Absence of slide-level global structure evaluation: Both FD and IoU are patch-level metrics; the structural coherence of generated images at the whole-slide scale is not assessed.
Validation limited to segmentation: The utility of synthetic data is not evaluated on other downstream tasks such as classification or detection.
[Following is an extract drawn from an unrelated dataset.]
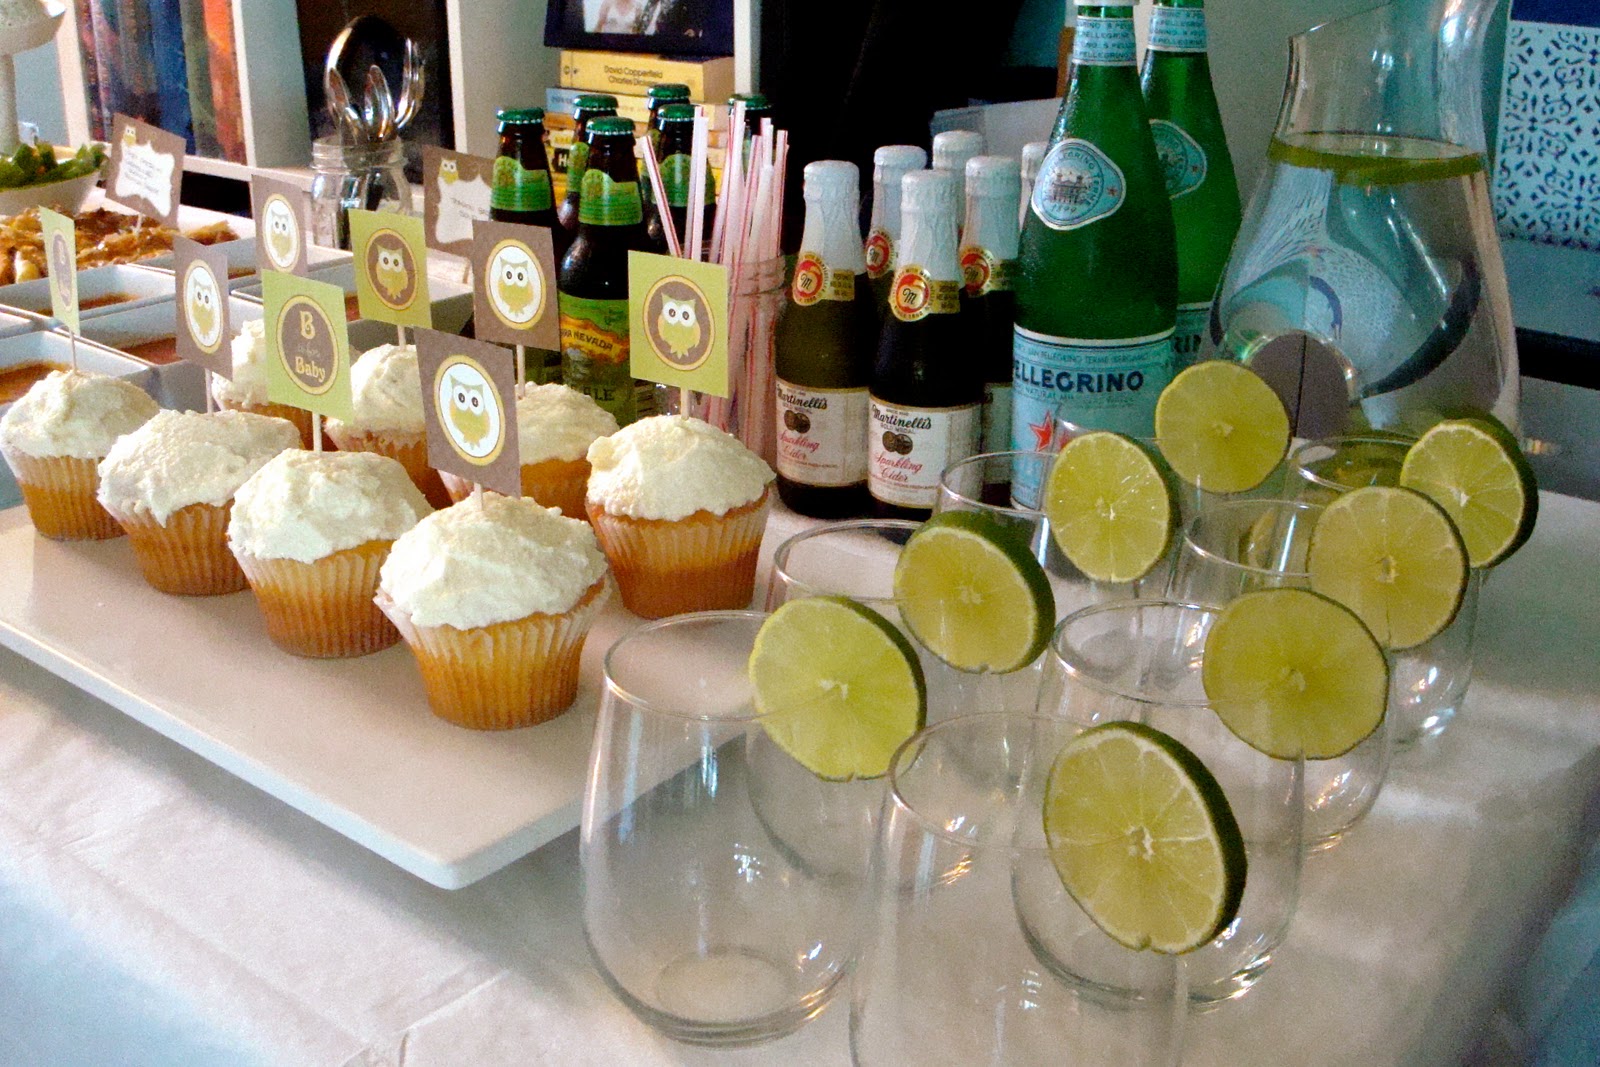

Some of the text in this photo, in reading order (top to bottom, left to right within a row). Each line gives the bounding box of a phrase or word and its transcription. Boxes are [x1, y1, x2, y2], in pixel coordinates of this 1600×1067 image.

vs. NASDM / Konz et al.: These methods use semantic segmentation map conditioning but focus on homogeneous single-tissue-type generation. The present work extends to heterogeneous multi-tissue generation and adds visual crop conditioning to preserve morphological detail.
vs. URCDM: URCDM employs cascaded diffusion models for multi-resolution generation, whereas the present work focuses on patch-level conditional control rather than multi-scale consistency. The two approaches are complementary.
vs. Text-guided methods (PathLDM, etc.): Text conditioning is limited by terminological ambiguity and inter-observer variability in pathology; visual crops entirely bypass the bottleneck of linguistic description.
Inspiration: The visual crop conditioning paradigm is transferable to other medical imaging domains requiring precise generation control (e.g., radiology, dermatology), and could be explored in combination with text conditioning for multimodal fusion.

Rating¶

Novelty: ⭐⭐⭐⭐ The dual-conditioning mechanism (semantic map + visual crop) is a novel and practical design for pathology image synthesis, though the LDM backbone and ControlNet mechanism are not original contributions.
Experimental Thoroughness: ⭐⭐⭐⭐⭐ Comprehensive validation across three datasets, FD evaluation with 8 encoders, downstream segmentation, and pathologist blind evaluation.
Writing Quality: ⭐⭐⭐⭐ Well-structured with detailed method descriptions, though some technical details (e.g., the ControlNet injection scheme) are not fully elaborated in the main text.
Value: ⭐⭐⭐⭐ The near-complete substitution of real data by synthetic data carries significant implications for privacy-preserving medical AI; the TCGA extension demonstrates strong practical utility.